Modeling therefore includes without limitation, any method of
calculating or predicting flowing fluid parameters in the well,
particularly in the physical proximity of the plunger during
movement of the tool, such as multiphase flow correlations known to
those skilled in the art, and Machine Learning or Artificial
Intelligence-based methods to obtain similar flowing fluid
parameters.
[0073] The kinematics of the plunger (to include in particular
plunger velocity v.sub.p at one or points within the tubing string
and/or plunger location z.sub.p at one or points within the tubing
string, through techniques to include sensor measurements and/or
modeling, are thus monitored and/or predicted for use by the
downhole movement control system. The plunger kinematics are
controlled by the downhole movement control system so as to operate
the plunger at the v.sub.set. Such plunger kinematics may comprise
actual or sensed plunger kinematic profiles and/or predictive
plunger kinematic profiles.
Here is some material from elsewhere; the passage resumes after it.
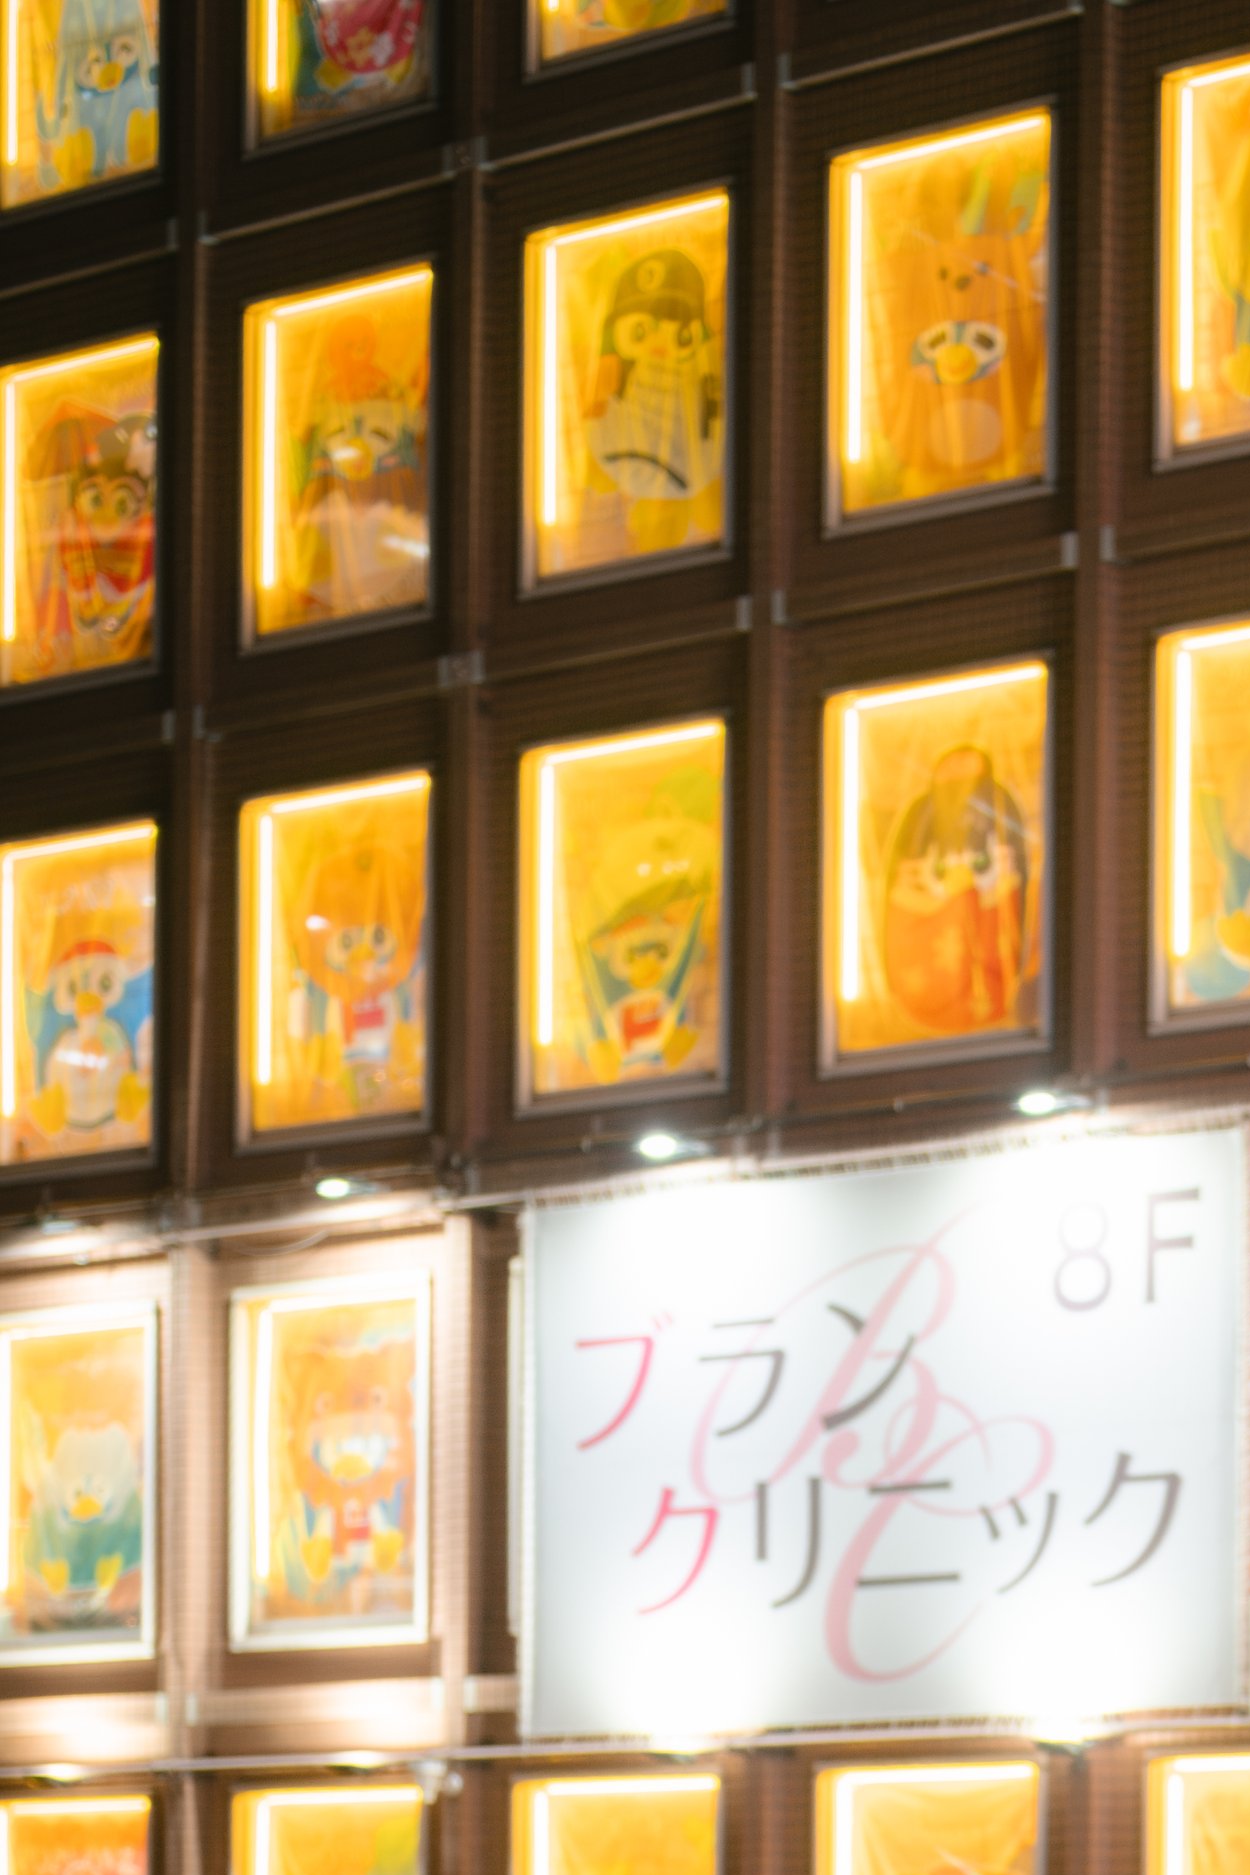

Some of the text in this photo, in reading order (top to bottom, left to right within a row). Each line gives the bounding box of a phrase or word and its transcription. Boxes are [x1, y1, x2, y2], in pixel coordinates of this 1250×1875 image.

[575, 1302, 916, 1450] ブラン
[633, 1452, 1184, 1616] クリニック
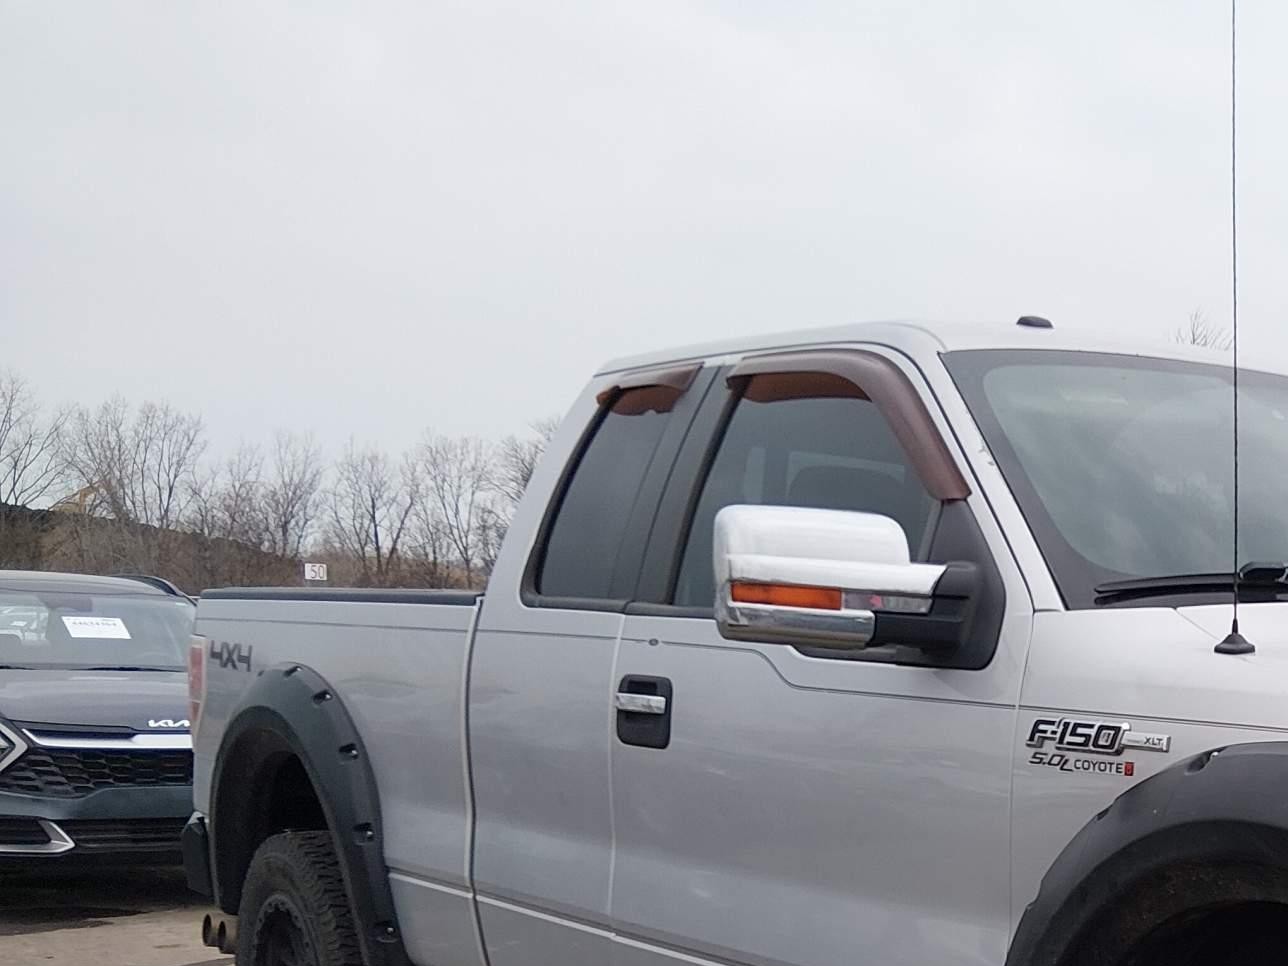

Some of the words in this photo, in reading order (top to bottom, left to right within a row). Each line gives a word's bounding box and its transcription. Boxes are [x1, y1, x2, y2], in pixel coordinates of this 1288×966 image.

Other plunger characteristics and/or
production line parameters and/or system parameters may also be
observed, sensed, and/or predicted, such as production line fluid
pressures at one or more positions of the production line,
production line fluid temperatures at one or more positions of the
production line, and the like. A given set of system parameters, to
include the plunger kinematics aka plunger parameters, may be
controlled by the downhole movement control system (with
controllability achieved through operation or control of the system
valve 224' and one or more of valves 224, 244, 234), by any number
or set of control techniques using any number of or set of control
parameters. For example, the plunger velocity may be controlled
through classic feedback control techniques using plunger velocity
sensors and plunger internal flow control mechanisms (e.g.,
mechanisms that control flow through the plunger which will
influence the plunger speed) that slows or speeds up the plunger
velocity. Other control techniques are possible, such as those
mentioned above, e.g., deterministic control, adaptive control,
etc. Other control parameters, alone or in combination are also
possible, to include control, monitoring, sensing, and/or modeling
of production line parameters, to include, e.g., fluid temperature,
fluid pressure, etc. at one or more positions in the production
line.
[0074] In one embodiment, one or more of the set of system
parameters 295 may be obtained through one or more sensors fitted
to the downhole tool (as described above), and/or as disposed on or
near the production line or on or near the wellhead, as described
by, for example, in Bender.
[0075] The system (well) parameters 295 may include any of several
characteristics of well operations, such as, for example: makeup of
gas and liquids (stated another way, the relative proportion of gas
and liquid), well bottom temperature, fluid phases or mixtures
thereof, fluid characteristics such as density, viscosity,
pressure, speed/velocity, etc.; physical characteristics of the
tubing string e.g. diameter, tubing material, tubing condition
(new, corrosion, erosion), depth of tubing placement, inclination,
and tortuosity; surface conditions e.g. wellhead temperature,
piping and valve arrangements, gathering or receiving system
pressures and temperatures, production line pressure at or near the
wellhead (e.g. production gas pressure, production liquid pressure,
production gas/liquid pressure) which may be measured by electronic
flow meters (EFM) 225, 235, 245 (see FIG. 2B); downhole conditions
such as gas pressure within the tubing string at one or more
locations or depths within the tubing string or within the annulus,
gas velocity or gas speed within the tubing string at one or more
locations or depths within the tubing string or within the annulus;
and plunger parameters such as plunger speed, plunger location, and
ideal or optimal plunger speed given tubing string or other well
conditions. Any set or all of the system parameters may vary with
location in the production string. In one embodiment, the
production string is a casing string. In one embodiment, the
production string is a tubing string. In one embodiment, the
production string is a tubing string, the tubing string positioned
within a casing string.
[0076] The downhole tool, such as plunger 281, is configured to
travel freely within the tubing string 218 between a first tubing
string portion (e.g., the uppermost tubing string as connected with
the wellhead, i.e. tubing string portion 218S) and a second tubing
string portion (e.g. the lowermost tubing string as coupled to the
bottom of the well and in receipt of fluid from the hydrocarbon
deposit, i.e. tubing string portion bottom 218B). This is defined
as the "fall" portion of the cycle. This is followed by the "rise"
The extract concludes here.